Install the in-development 2.1 line (alpha/beta prereleases). A plain install resolves the latest stable release; add a prerelease flag to get 2.1:

uv tool install --prerelease allow "codeclone[mcp]"   # uv
pip install --pre "codeclone[mcp]"                     # pip

Run the current development line from source:

git clone https://github.com/orenlab/codeclone.git
cd codeclone
uv sync --all-extras
uv run codeclone .

Why CodeClone

AI coding agents accelerate implementation, but they also make scope expansion easier to miss. A narrow task can quietly spread into shared helpers, tests, public APIs, configuration, and unrelated modules while the final diff still looks reasonable.

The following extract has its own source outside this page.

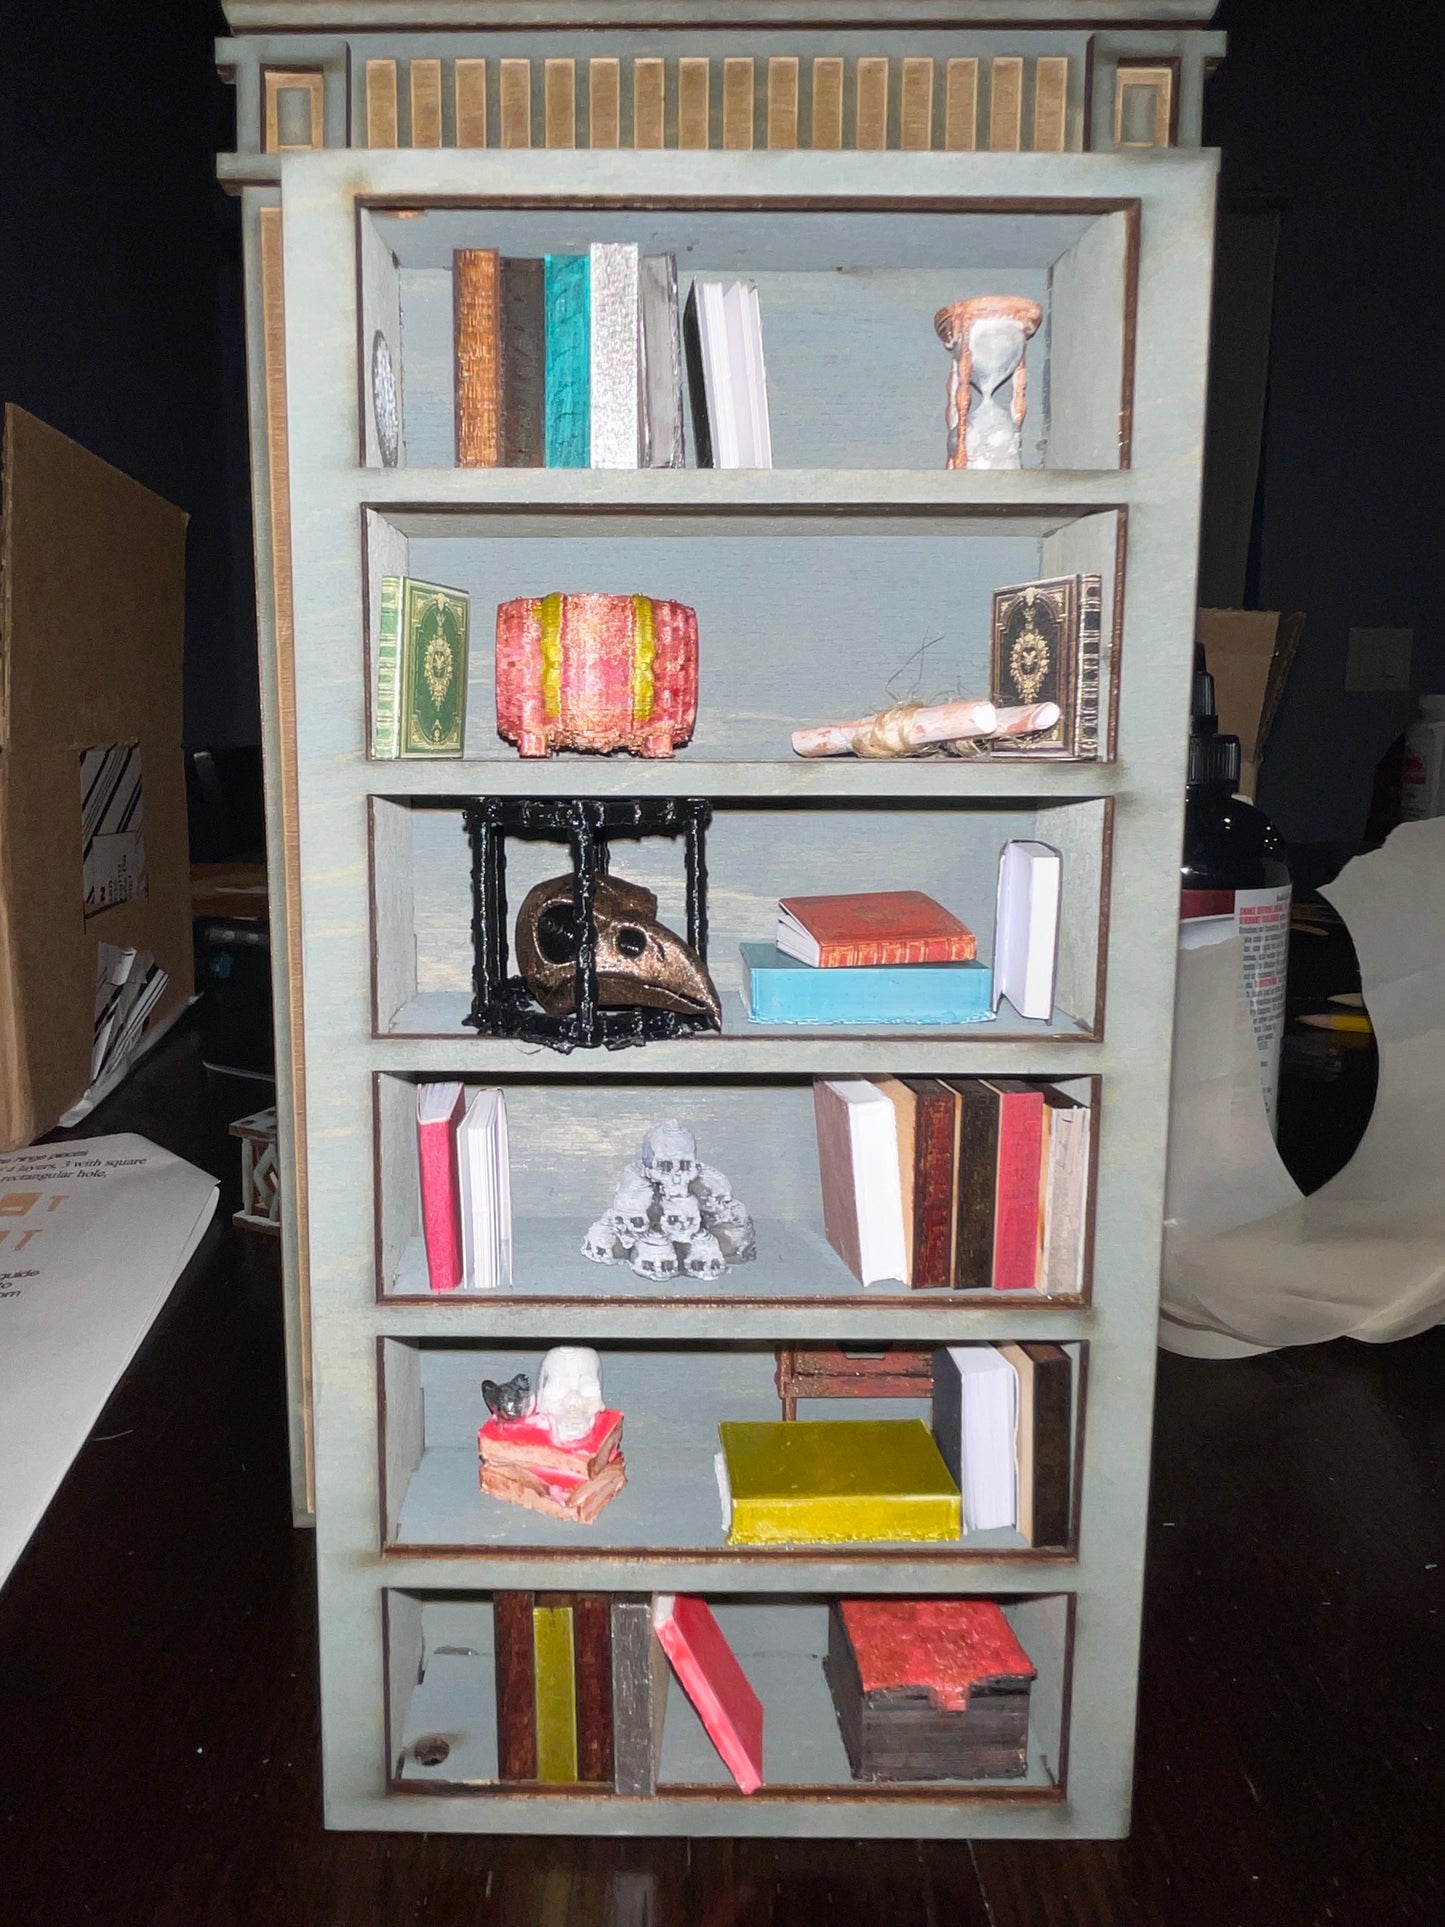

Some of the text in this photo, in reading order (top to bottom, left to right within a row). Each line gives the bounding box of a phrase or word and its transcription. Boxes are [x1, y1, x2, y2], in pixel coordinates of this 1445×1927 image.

[74, 1159, 101, 1167] with
[105, 1158, 147, 1168] square
[1, 1171, 73, 1181] rectangular

Most review tools start with the completed diff. CodeClone starts with the declared intent.

declare intent
  → inspect structural blast radius
  → establish edit boundaries
  → make the change
  → compare declared and actual scope
  → verify structural regressions
  → record the outcome

The agent still writes the code. CodeClone makes the declared scope explicit before editing and exposes undeclared expansion when the patch is verified.

Structural Change Controller

The controller reduces the governed agent workflow to four steps:

analyze → start → edit → finish
  • Start controlled changestart_controlled_change checks workspace state, records intent, maps blast radius, separates allowed paths from review context and do-not-touch boundaries, and returns the authoritative edit_allowed permission.
  • Finish controlled changefinish_controlled_change resolves the actual changed files once, checks scope, verifies the patch against the canonical report, validates optional review claims, and produces a review receipt.
  • Patch Trail — records declared, changed, untouched-in-declared, and boundary-held paths together with verification and audit anchors.
  • Multi-agent coordination — lease-bound intents, queues, recovery, and workspace hygiene make concurrent work visible without treating advisory ownership as structural truth.

Host integrations can enforce the permission model before file edits where the host supports hooks. Regardless of host enforcement, finish-time verification remains deterministic.

Structural Change Controller documentation

One canonical report, every structural surface

CodeClone runs one deterministic structural analysis and renders its canonical report through CLI, HTML, JSON, Markdown, SARIF, MCP, IDE integrations, GitHub Action, and CI. There is no separate analysis engine for agents.

The report covers:

  • function clones through CFG fingerprints;
  • block clones through statement windows and report-only segment clones;
  • clone-cohort drift, duplicated branch families, and guard/exit divergence;
  • cyclomatic complexity, coupling, cohesion, dependency cycles, and dead code;
  • overloaded-module and other report-only design context;
  • type and docstring adoption;
  • public API inventory and baseline-aware API break detection;
  • external Cobertura coverage joined with structural hotspots;
  • report-only security capability boundaries without vulnerability claims;
  • deterministic structural health and review priorities.
codeclone . --json --html --md --sarif --text

How CodeClone works · Canonical report contract

Baseline-aware CI

CodeClone separates accepted legacy debt from new structural regressions.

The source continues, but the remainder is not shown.